Columbia responded, and as a result, many people around the U.S. “first heard this music in diners and bars over the jukebox.” The creative tensions in the Birth of the Cool recordings, made ten years earlier, announced a new kind of jazz with their full release in 1957. The cool had matured in Kind of Blue’s fully modal turn. “Its icy hauteur sets the standard for art that draws you in by pretending it doesn’t need anyone or anything but itself.” It’s quite an appeal.

Sales are neither necessary nor sufficient to make a classic album, but in the case of Kind of Blue, all of the stars aligned: critics universally praise it, musicians universally love it, and record buyers universally buy it. “The thing about this album,” says Kahn, “that’s different from what happened with some other well-celebrated albums... is that it became an iconic album not when it came out but long after because people kept buying it. People would not let it go out of print.”

Davis knew how to get his work before the public, but he also knew it deserved to be heard by millions both inside and outside jazz. Beloved in the jazz world right away, it was the “vox populi” that spread the album’s fame everywhere else. Drummer Jimmy Cobb talks in the clip above about how Davis “fell a little bit into [the] concept” of Bill Evans, the pianist who played a significant role in the music’s construction. “To me,” says Cobb, the gig was “just another Miles Davis session,” with an Evans twist.

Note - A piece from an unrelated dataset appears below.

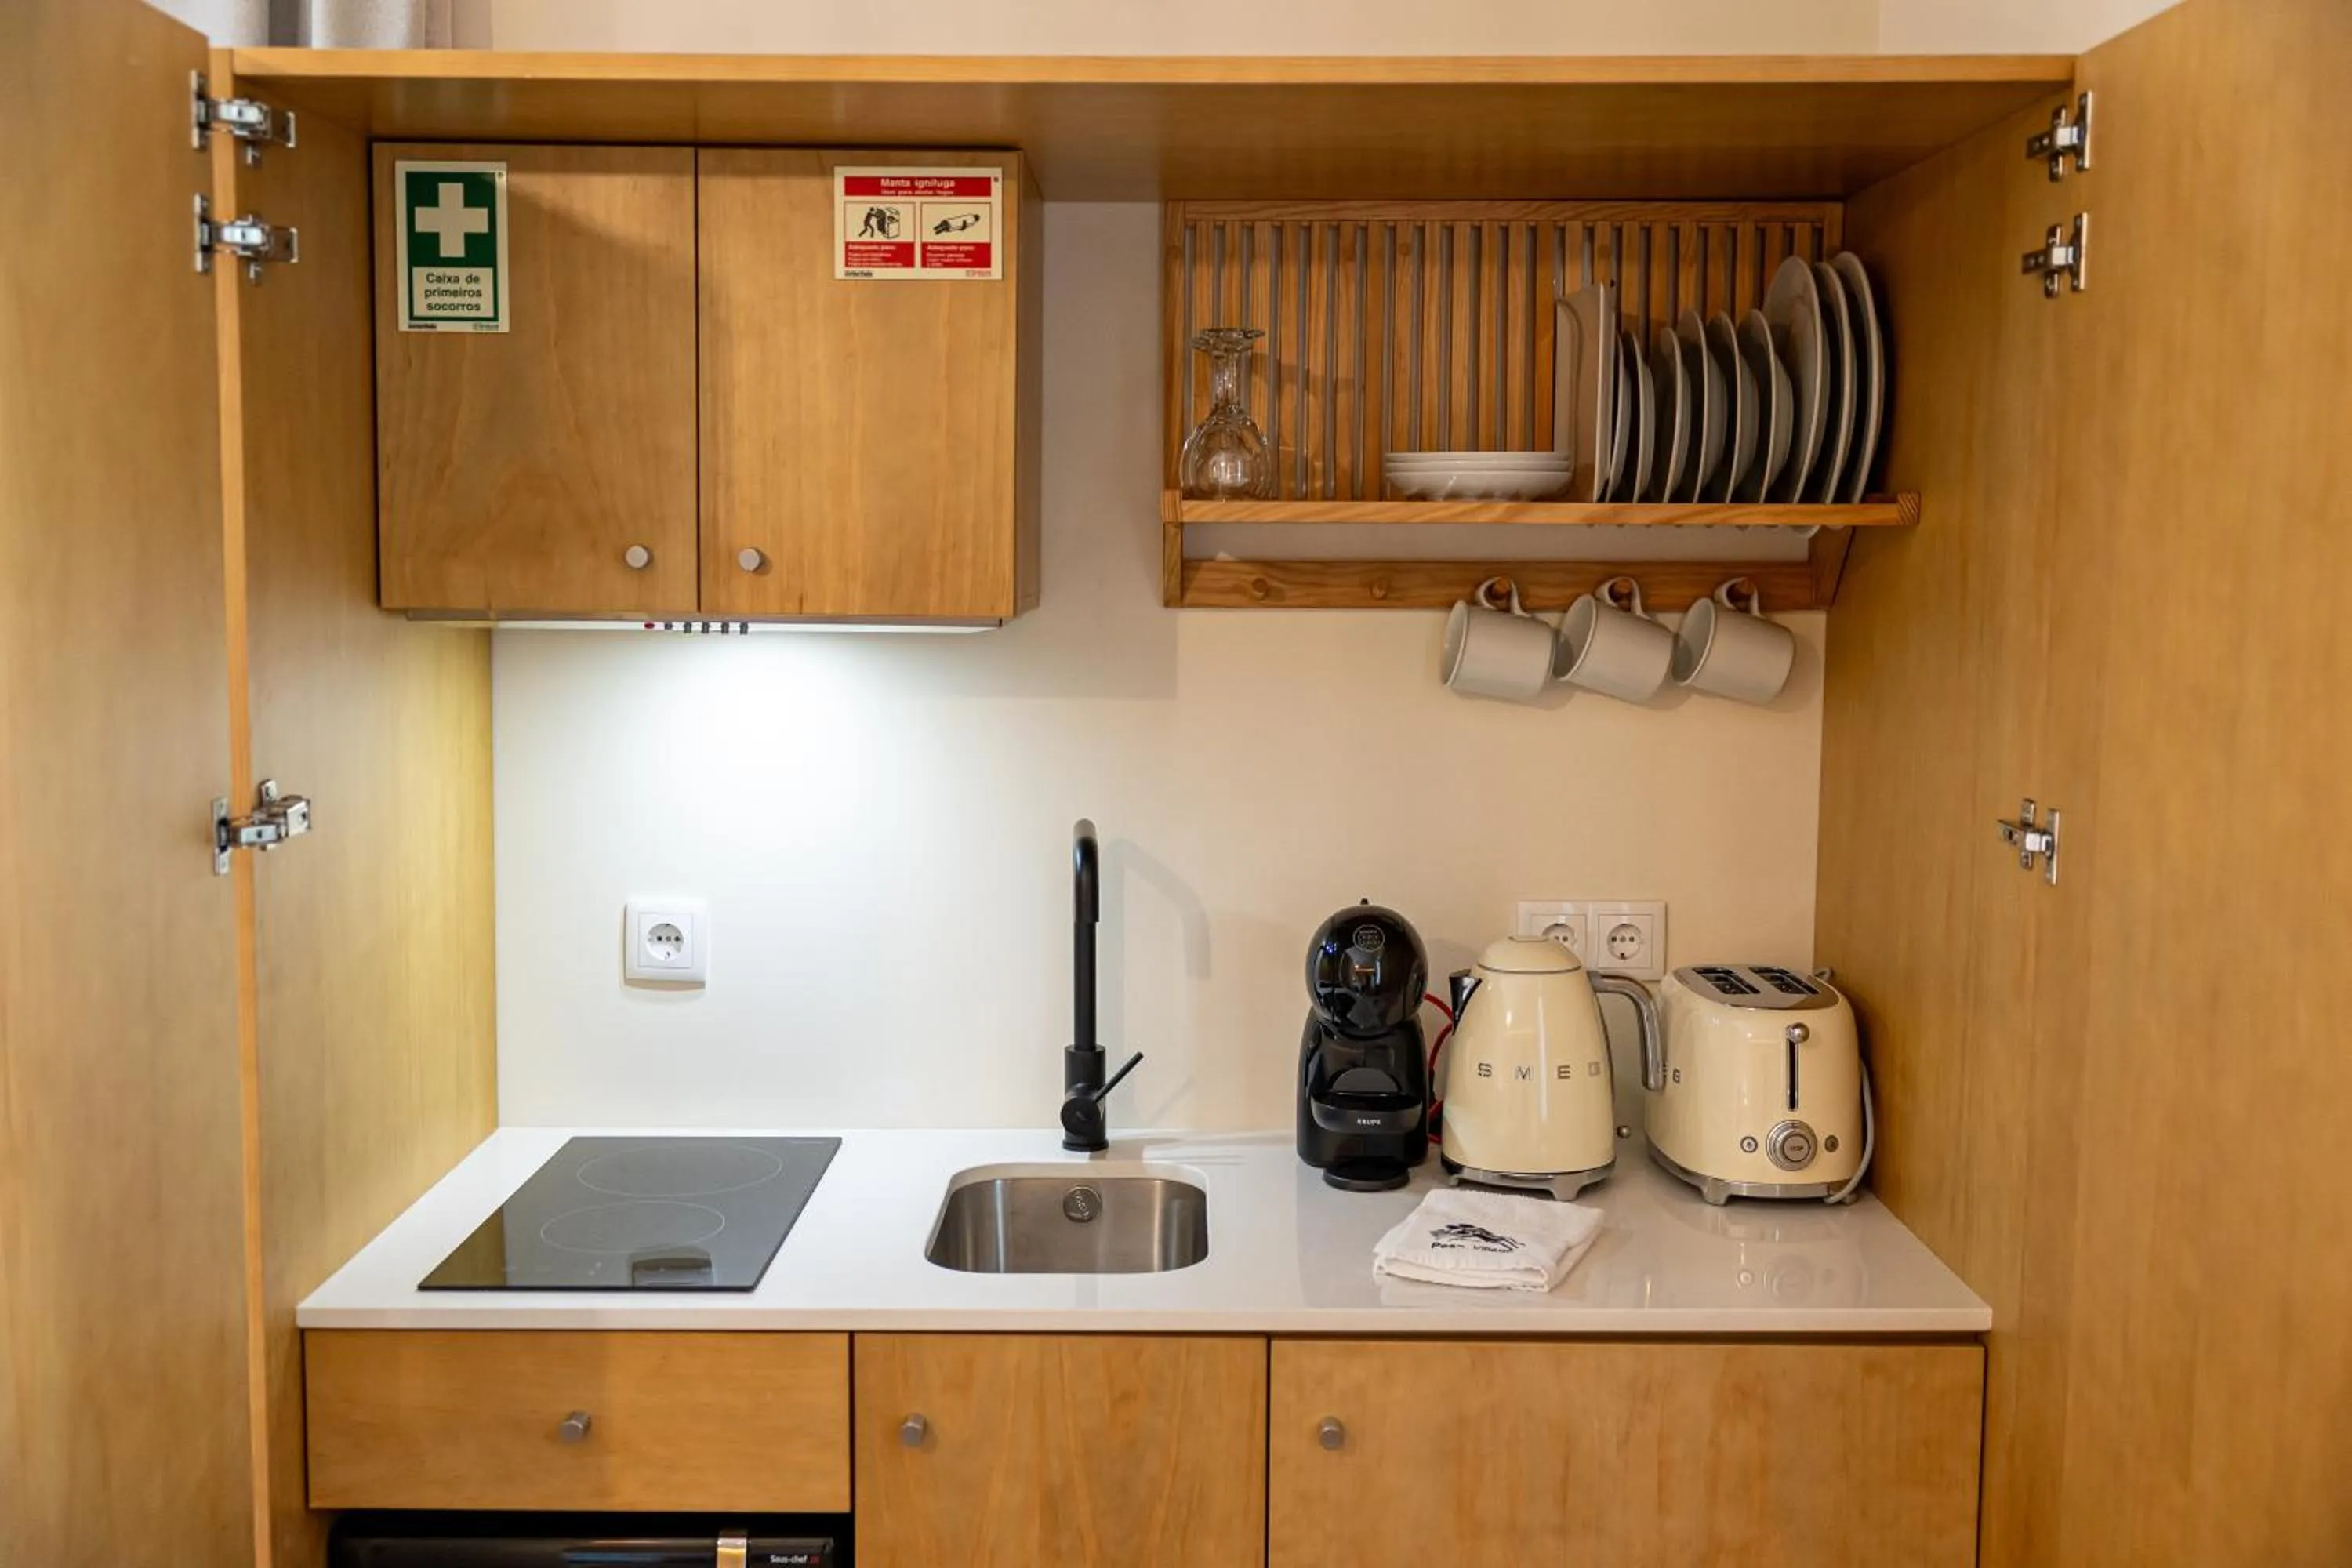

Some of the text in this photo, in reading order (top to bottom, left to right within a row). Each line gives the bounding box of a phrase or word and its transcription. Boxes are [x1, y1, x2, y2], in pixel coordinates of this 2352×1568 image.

None of the musicians in the sextet had any idea the record would get as big as it did. Yet as Davis himself said, in a classic line from an earlier recording session, “I’m gonna play it first, and tell you what it is later.” We look back on 1959 as a watershed year in jazz, thanks in large part to the impact of Kind of Blue. Maybe we still haven't figured out, 60 years later, what it is. Learn more about the critical, musical, and commercial importance of Kind of Blue in the Polyphonic video explainer above, “How Miles Davis Changed Jazz.”

Related Content:

1959: The Year That Changed Jazz

Kind of Blue: How Miles Davis Changed Jazz

Herbie Hancock Explains the Big Lesson He Learned From Miles Davis: Every Mistake in Music, as in Life, Is an Opportunity

The Influence of Miles Davis Revealed with Data Visualization: For His 90th Birthday Today

Josh Jones is a writer and musician based in Durham, NC. Follow him at @jdmagness

Miles Davis Iconic 1959 Album Kind of Blue Turns 60: Revisit the Album That Changed American Music is a post from: Open Culture. Follow us on Facebook, Twitter, and Google Plus, or get our Daily Email. And don't miss our big collections of Free Online Courses, Free Online Movies, Free eBooksFree Audio Books, Free Foreign Language Lessons, and MOOCs.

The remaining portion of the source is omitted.